Collected data:
# # # # #

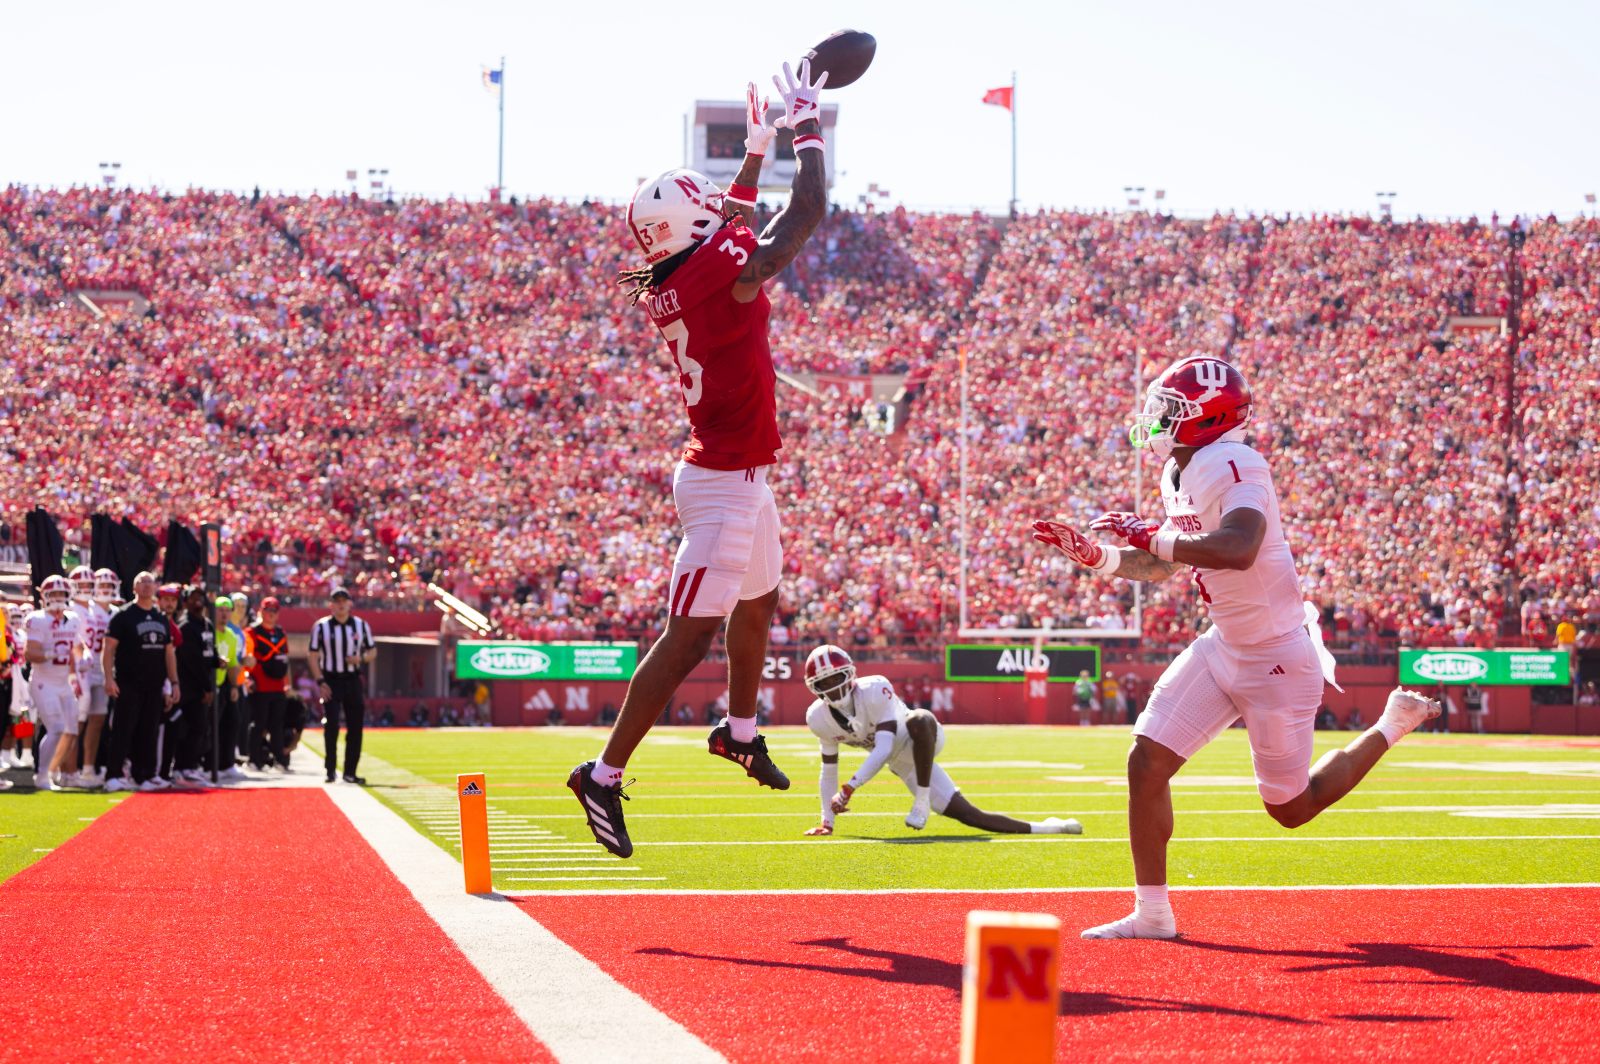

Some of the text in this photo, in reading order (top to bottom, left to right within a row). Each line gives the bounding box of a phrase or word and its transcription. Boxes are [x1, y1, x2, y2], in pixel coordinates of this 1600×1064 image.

[674, 176, 701, 198] N
[640, 228, 654, 246] 3
[719, 239, 748, 266] 3
[660, 318, 704, 407] 3
[1228, 460, 1242, 483] 1
[478, 648, 543, 671] Sukup
[1421, 654, 1482, 676] Sukup
[565, 687, 589, 711] N
[986, 945, 1052, 1003] N
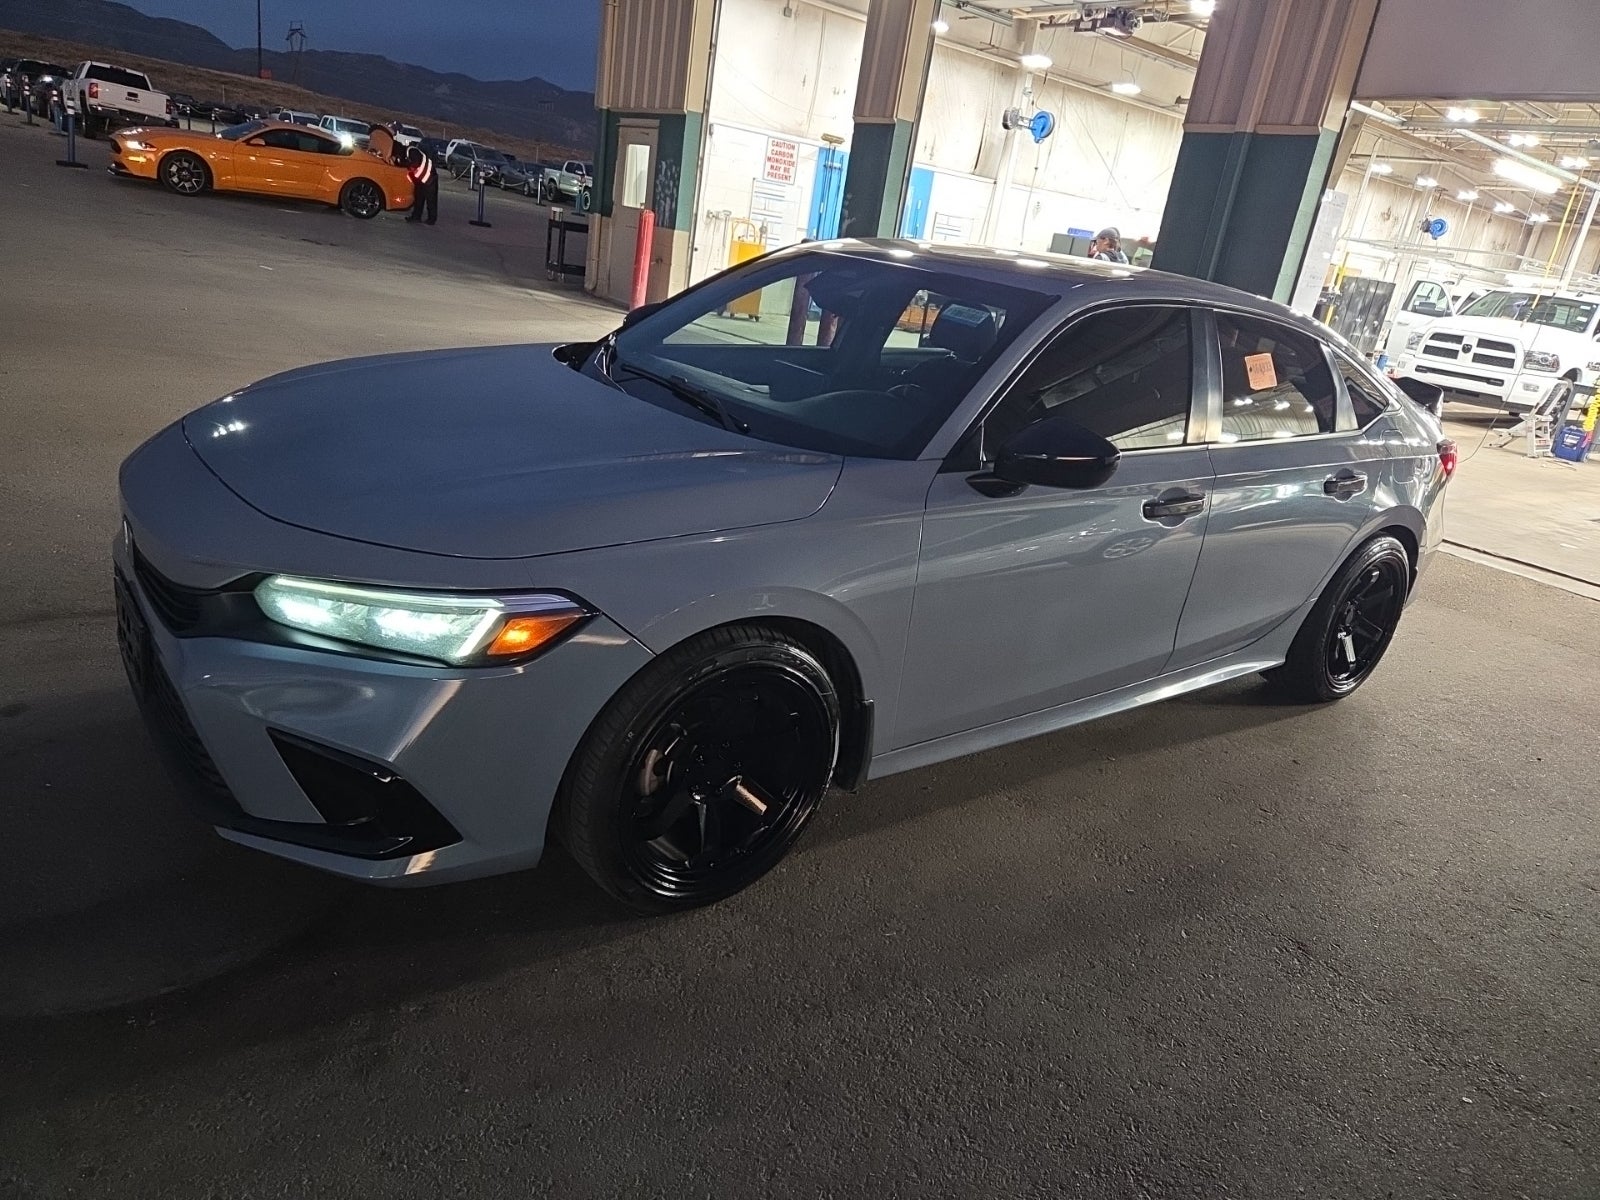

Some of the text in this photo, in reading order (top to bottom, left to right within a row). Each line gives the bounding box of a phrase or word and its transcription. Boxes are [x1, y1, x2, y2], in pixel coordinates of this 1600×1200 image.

[771, 140, 796, 150] CAUTION
[770, 149, 794, 159] CARBON
[767, 156, 796, 167] MONOXIDE
[770, 164, 781, 172] MAY
[767, 171, 791, 181] PRESENT
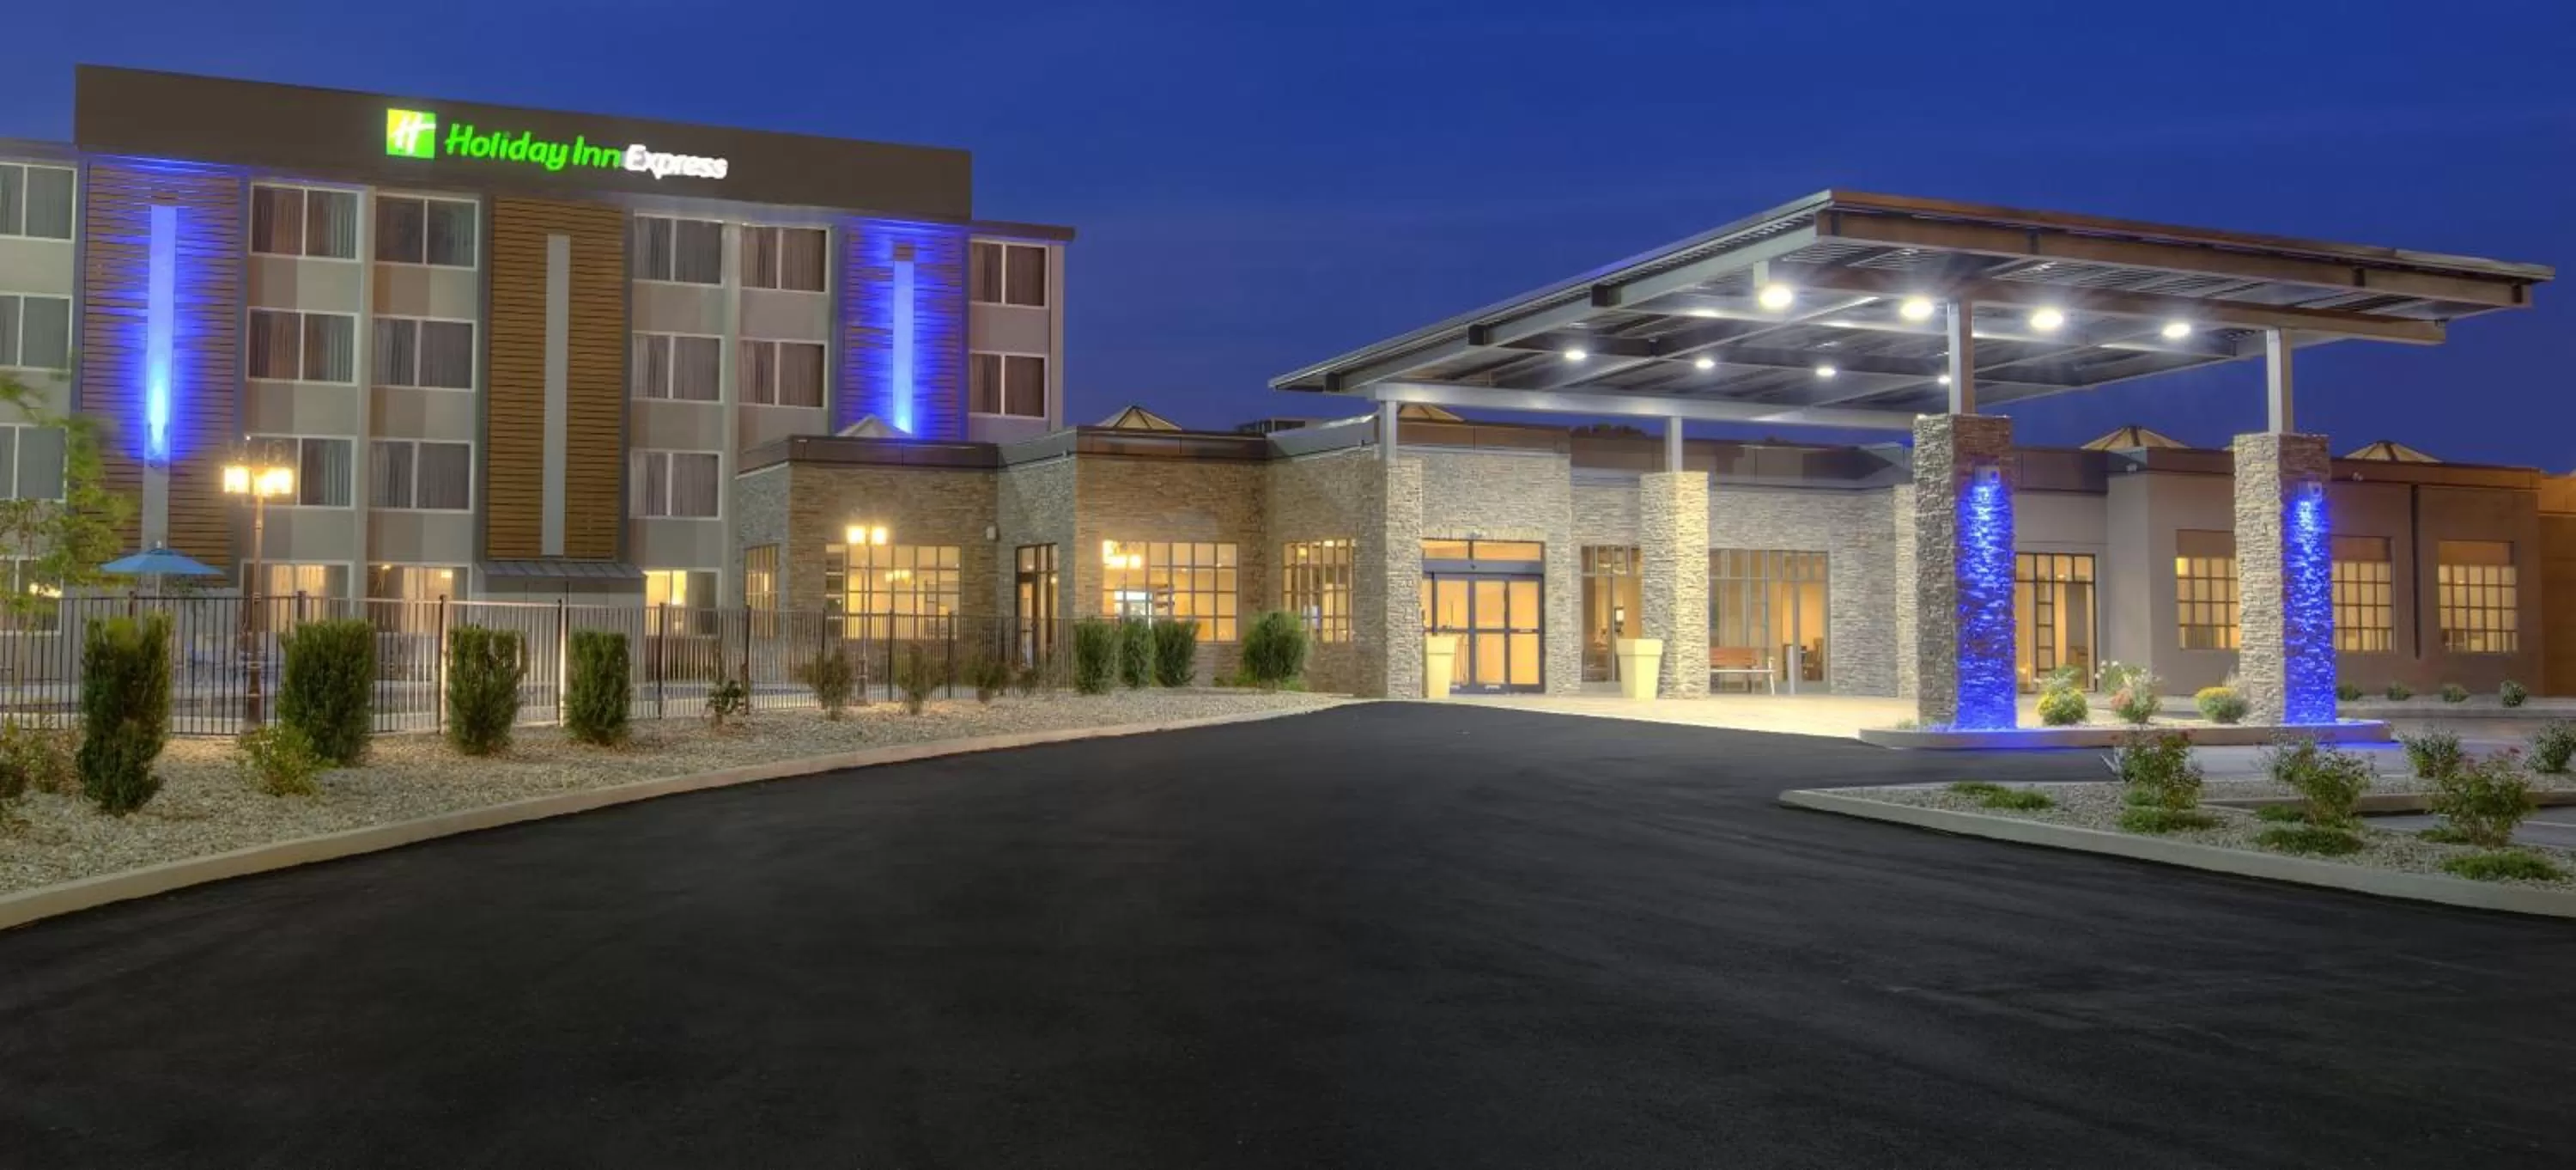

# # # # #

What is being asked: Retype every record above exactly as written, but leave out the pictures.

Result of this exercise:
Some of the text in this photo, in reading order (top to bottom, left to right within a row). Each line gives the bounding box of a phrase or word and its transcription. Boxes are [x1, y1, x2, y2], in pixel coordinates of this 1600×1064 image.

[674, 176, 701, 198] N
[640, 228, 654, 246] 3
[719, 239, 748, 266] 3
[660, 318, 704, 407] 3
[1228, 460, 1242, 483] 1
[478, 648, 543, 671] Sukup
[1421, 654, 1482, 676] Sukup
[565, 687, 589, 711] N
[986, 945, 1052, 1003] N

Some of the text in this photo, in reading order (top to bottom, left to right within a row). Each line gives the bounding box of a phrase or word and its transcription. Boxes are [x1, y1, x2, y2], in pixel coordinates of this 1600×1200 image.

[771, 140, 796, 150] CAUTION
[770, 149, 794, 159] CARBON
[767, 156, 796, 167] MONOXIDE
[770, 164, 781, 172] MAY
[767, 171, 791, 181] PRESENT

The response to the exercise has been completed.